Work instructions:
Return the records below exactly; pictures stay out.

___ Records provided

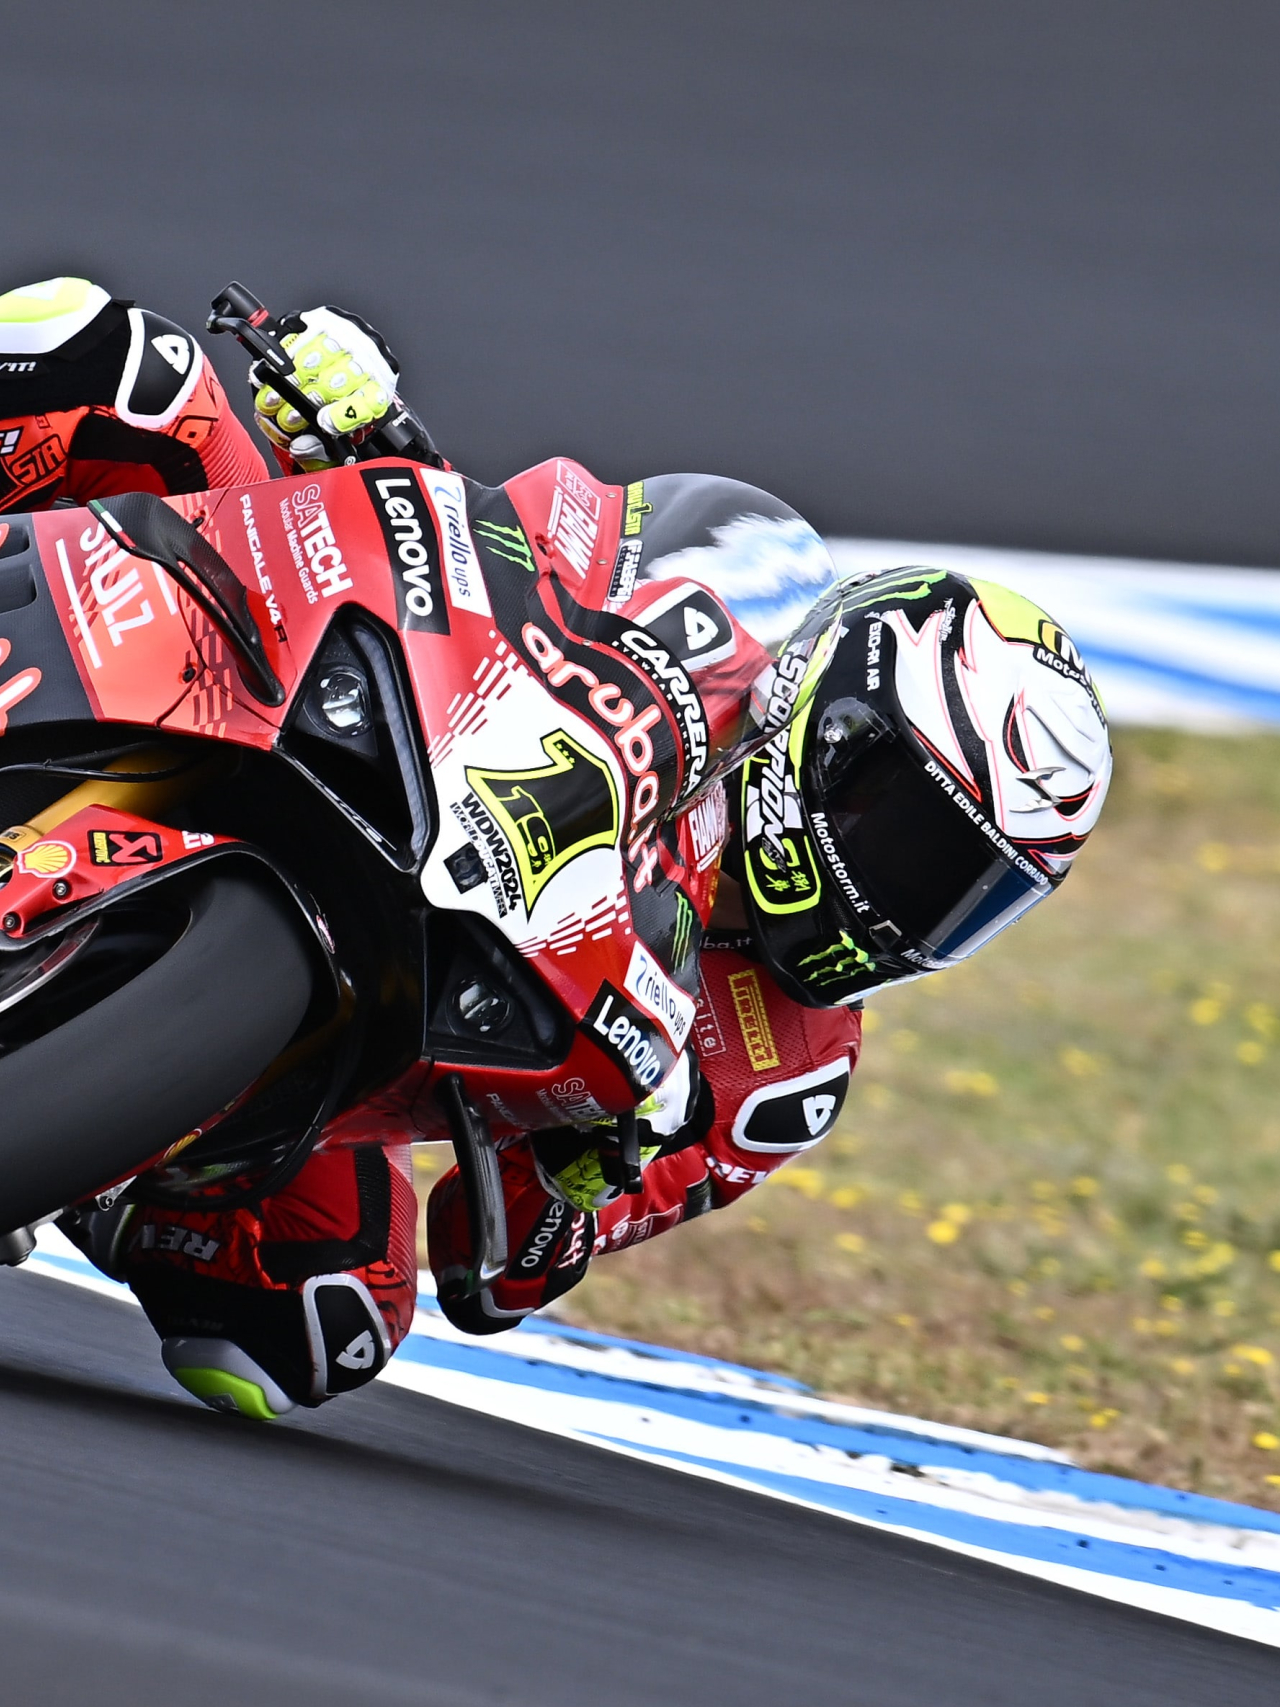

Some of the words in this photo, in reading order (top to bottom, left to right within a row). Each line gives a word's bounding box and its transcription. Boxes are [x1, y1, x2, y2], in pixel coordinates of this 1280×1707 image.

[239, 493, 273, 595] PANIGALE
[278, 496, 294, 533] Modular
[286, 528, 305, 570] Machine
[298, 566, 320, 605] Guards
[291, 483, 355, 599] SATECH
[375, 477, 434, 618] Lenovo
[443, 503, 472, 565] riello
[451, 567, 471, 598] ups
[553, 493, 599, 581] FIAMM
[611, 640, 673, 701] EYEWEAR
[676, 711, 690, 760] SINCE
[620, 629, 708, 797] CARRERA
[866, 664, 881, 691] AIR
[461, 791, 523, 912] WDW2024
[810, 811, 871, 914] Motostorm.it
[923, 760, 956, 796] DITTA
[952, 791, 985, 826] EDILE
[980, 821, 1019, 860] BALDINI
[1014, 856, 1049, 886] CORRADO
[593, 994, 661, 1086] Lenovo
[645, 971, 676, 1019] riello
[673, 1010, 686, 1036] ups
[520, 1199, 566, 1269] enovo
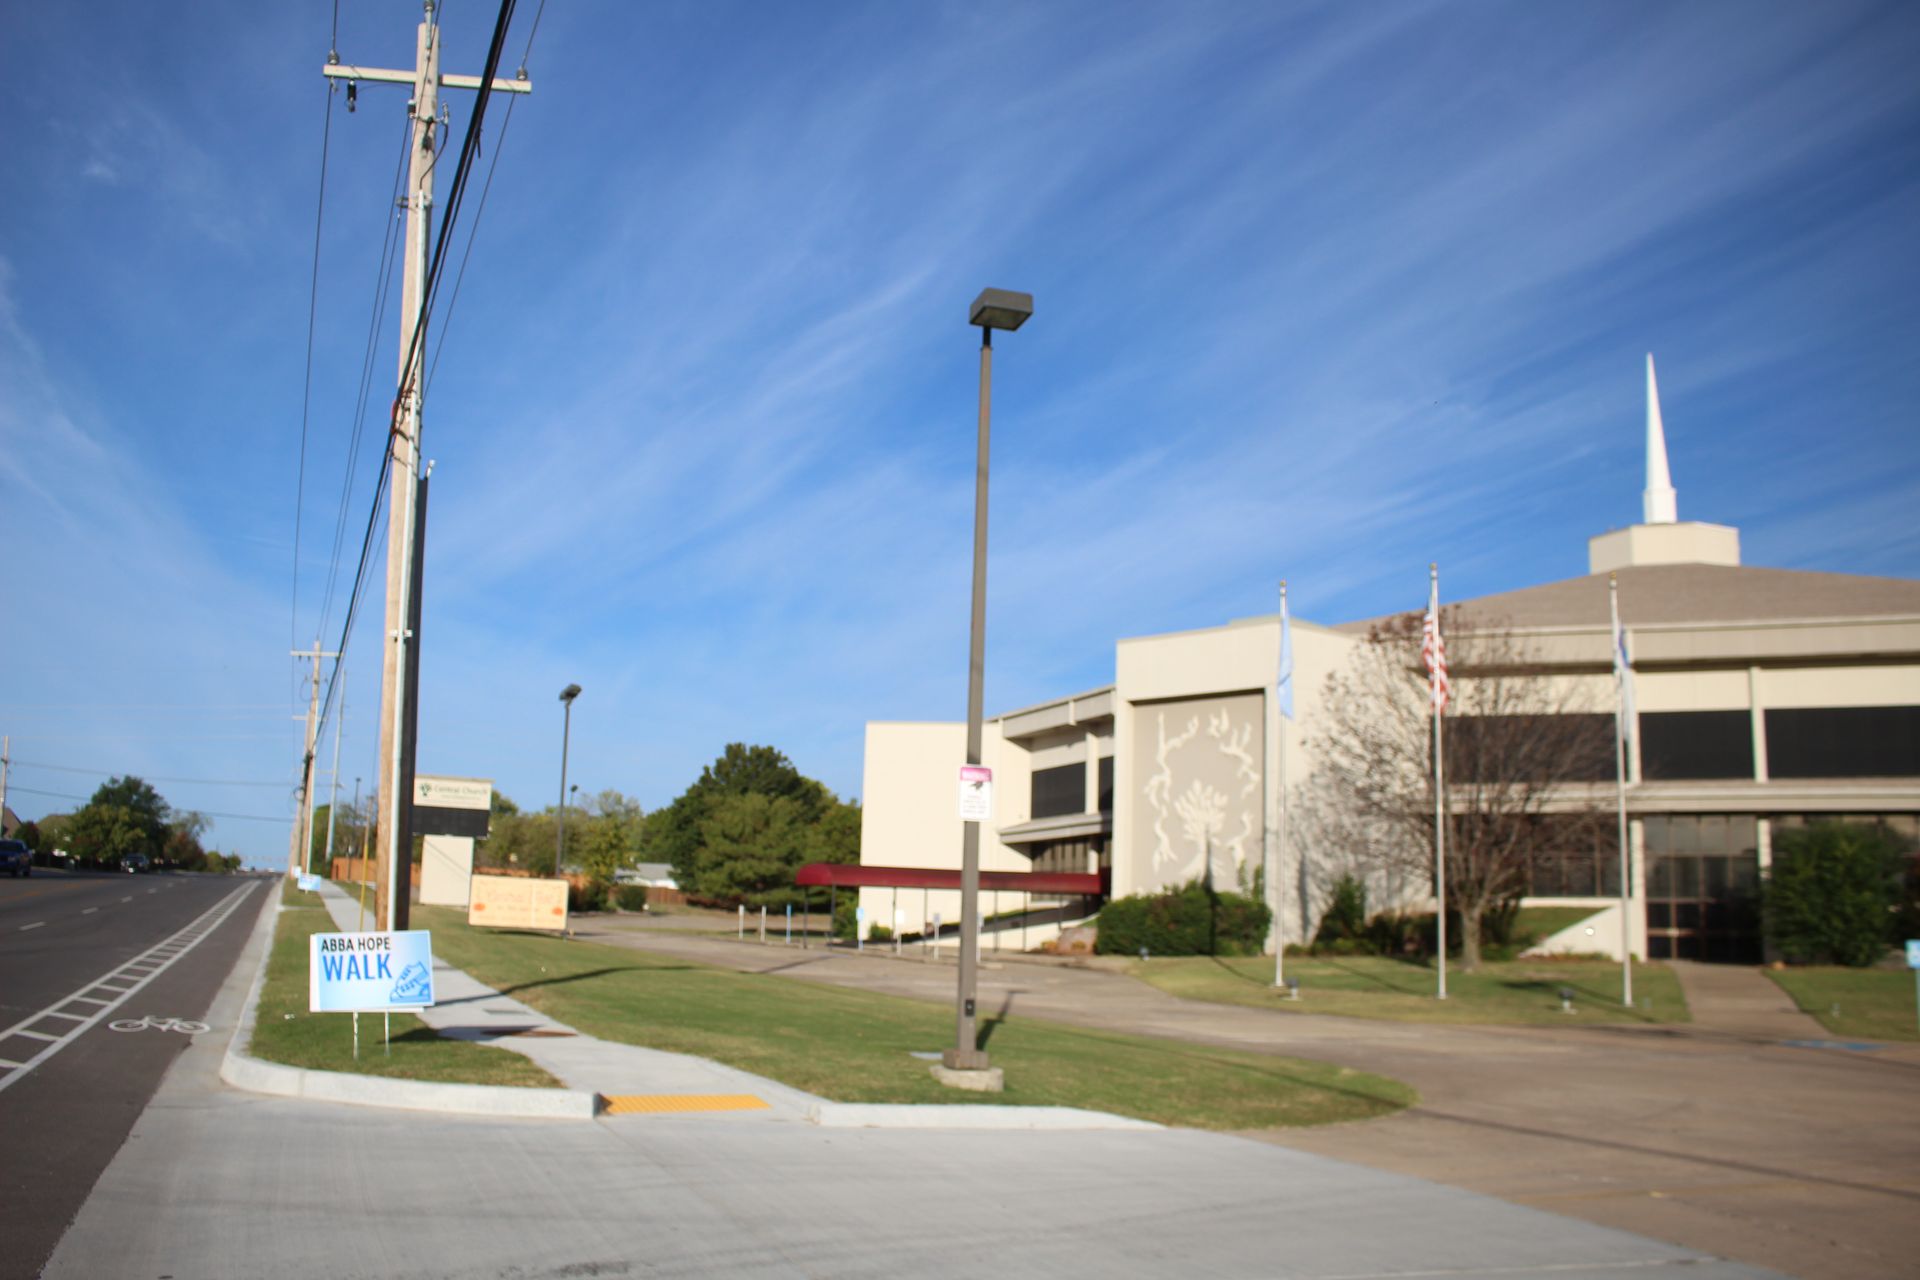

______

Problem solution:
Some of the words in this photo, in reading order (top to bottom, left to right within a row). Each line gives a word's bounding box and its transcription. Boxes are [x1, y1, x2, y2], in pixel coordinates of this 1280×1707 image.

[239, 493, 273, 595] PANIGALE
[278, 496, 294, 533] Modular
[286, 528, 305, 570] Machine
[298, 566, 320, 605] Guards
[291, 483, 355, 599] SATECH
[375, 477, 434, 618] Lenovo
[443, 503, 472, 565] riello
[451, 567, 471, 598] ups
[553, 493, 599, 581] FIAMM
[611, 640, 673, 701] EYEWEAR
[676, 711, 690, 760] SINCE
[620, 629, 708, 797] CARRERA
[866, 664, 881, 691] AIR
[461, 791, 523, 912] WDW2024
[810, 811, 871, 914] Motostorm.it
[923, 760, 956, 796] DITTA
[952, 791, 985, 826] EDILE
[980, 821, 1019, 860] BALDINI
[1014, 856, 1049, 886] CORRADO
[593, 994, 661, 1086] Lenovo
[645, 971, 676, 1019] riello
[673, 1010, 686, 1036] ups
[520, 1199, 566, 1269] enovo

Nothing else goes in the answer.